Le è piaciuto questo Mondiale?
"L'avevo un po' predetto, valutando due cose: alcune squadre hanno potuto lavorare un mese, un mese e mezzo, altre neanche dieci giorni. Avevo messo l'Argentina tra le favorite, usano il nostro stesso sistema di gioco, il 4-3-3, ed ero curioso di capire come avrebbero messo in campo tutta quella qualità. Un'altra partita meravigliosa è stata Francia-Inghilterra. Non eravamo climaticamente abituati al Mondiale sul divano con tanto di coperta...".

Il Lecce gioca meglio dell'Argentina?
"(ride, ndr) Siamo giovani e dobbiamo portare in campo le idee, l'entusiasmo, il desiderio di misurarsi con club e calciatori importanti e di qualità. Tornando all'Argentina, la mia curiosità era sulla gestione dei campioni, di Messi, Di Maria, e devo fare i complimenti per come ci sono riusciti".

Cosa significherebbe Scudetto al Napoli?
"Sono anni che mi chiamano e ho sempre detto che il Napoli stava costruendo. E quest'anno hanno messo dentro ancora... La storia si può ripetere. Ci sono i presupposti tecnici, di squadra, di compattezza, un allenatore esperto e importante. E poi producono un calcio che è internazionale. Chapeau".

Chi preferirebbe allenare tra Messi e Mbappe?
"Sono differenti. Messi è uno di quei talenti che vedi fin da piccolo, Mbappe ha potenza, velocità e destrezza. Sono diversi e bravissimi, Messi si meritava questo trofeo per tutto ciò che ha fatto".

Teme le big su Joan Gonzalez?
"Il percorso del Lecce è questo, la strategia è lavorare sui giovani per portarli all'attenzione dei grandi club. Sapevo di Joan, lo avevamo in casa, lui si è fatto trovare pronto al momento giusto, riuscendo a cogliere l'occasione con mentalità e serenità. Sono contento, deve lavorare a testa bassa ma lo fa perché è un ragazzo serio".

Hjulmand rimane?
"La società non se ne priverà adesso ed è giusto così, anche per i ragazzi che inizino un nuovo percorso da inizio stagione. Io li alleno e so che hanno la maturità per palcoscenici importanti perché si conquistano tutto col lavoro".

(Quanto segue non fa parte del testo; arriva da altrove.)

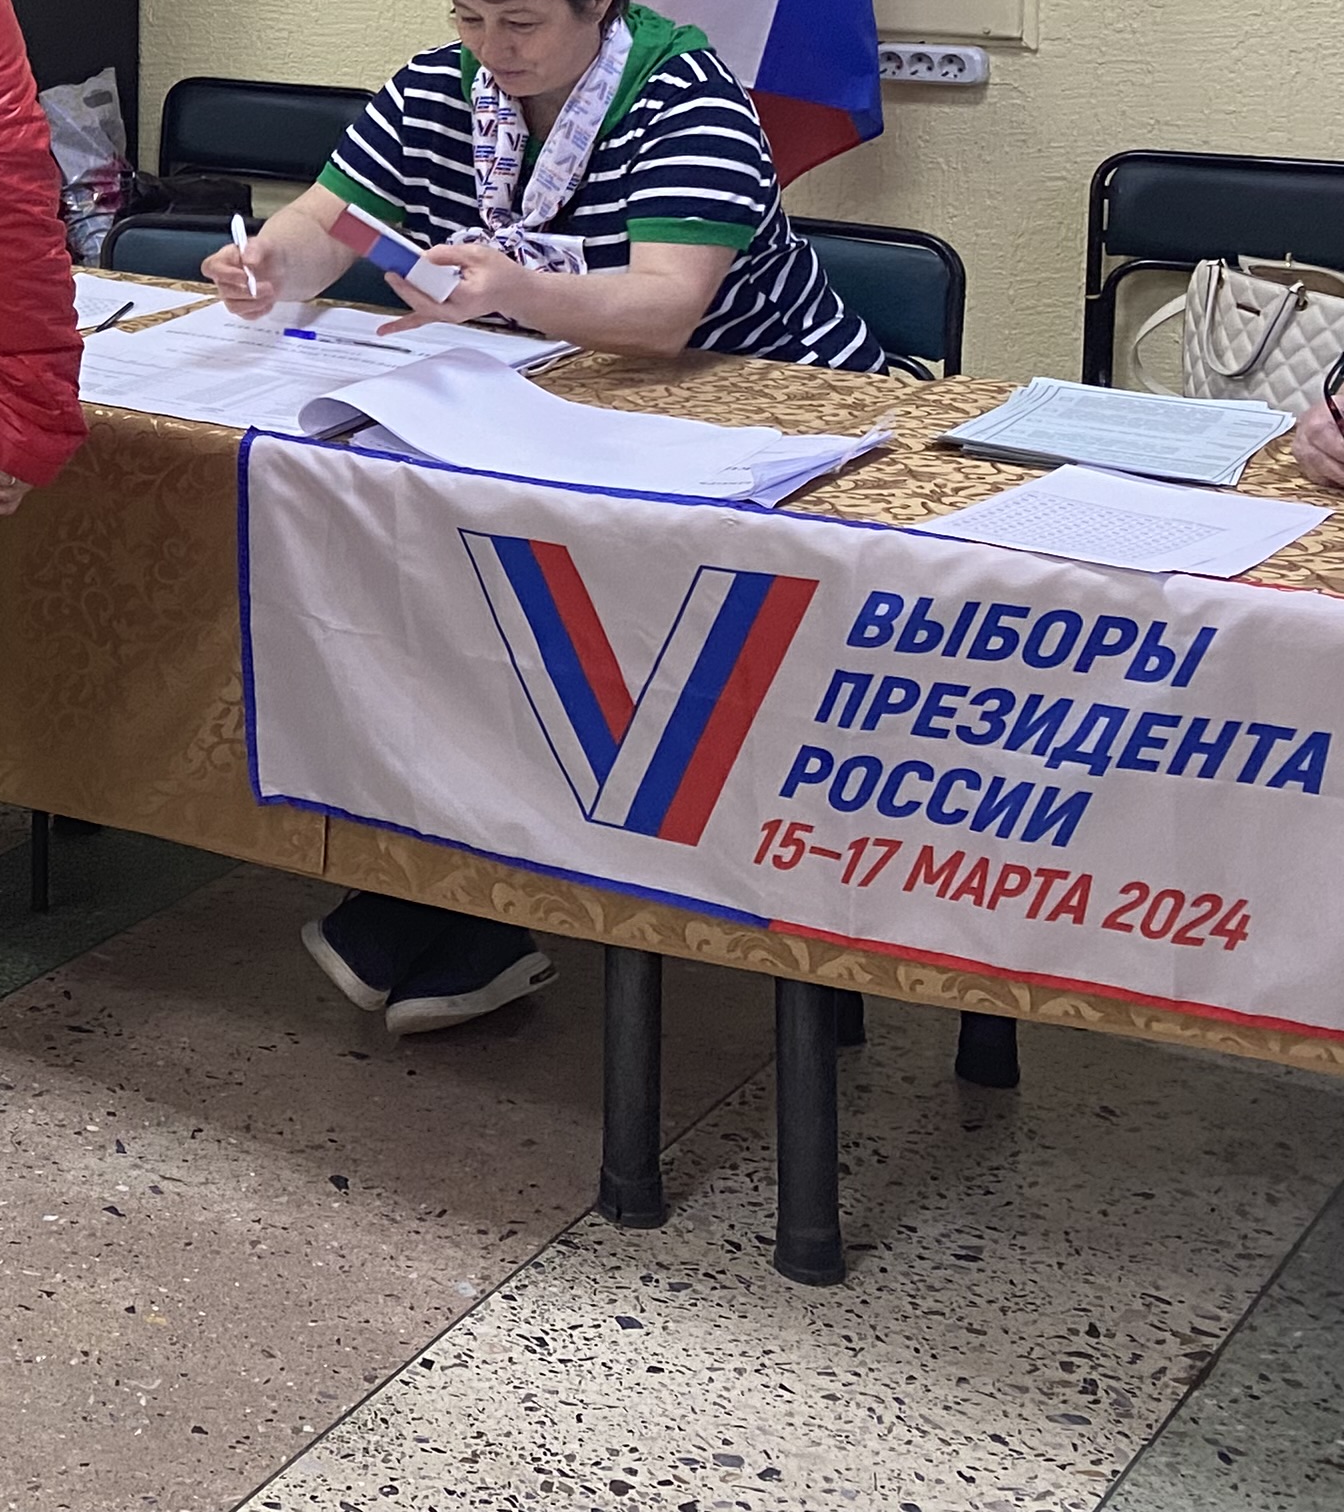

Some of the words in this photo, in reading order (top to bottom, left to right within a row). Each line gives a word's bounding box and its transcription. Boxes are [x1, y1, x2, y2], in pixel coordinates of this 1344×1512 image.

[846, 589, 1218, 689] ВЫБОРЫ
[814, 669, 1332, 795] ПРЕЗИДЕНТА
[779, 744, 1093, 848] РОССИИ
[902, 843, 1094, 926] МАРТА
[1100, 879, 1251, 953] 2024

Aspetta un centrocampista?
"Il direttore è attento, se c'è un'occasione la coglierà".

Le piacerebbe Zerbin?
"Bravissimo, un ottimo giocatore".

Quanto sarà la quota salvezza?
"Queste quattro gare saranno importanti, abbiamo scontri diretti che determineranno anche questo. Penso gara dopo gara, vincere è complicatissimo per le squadre piccole in questo campionato".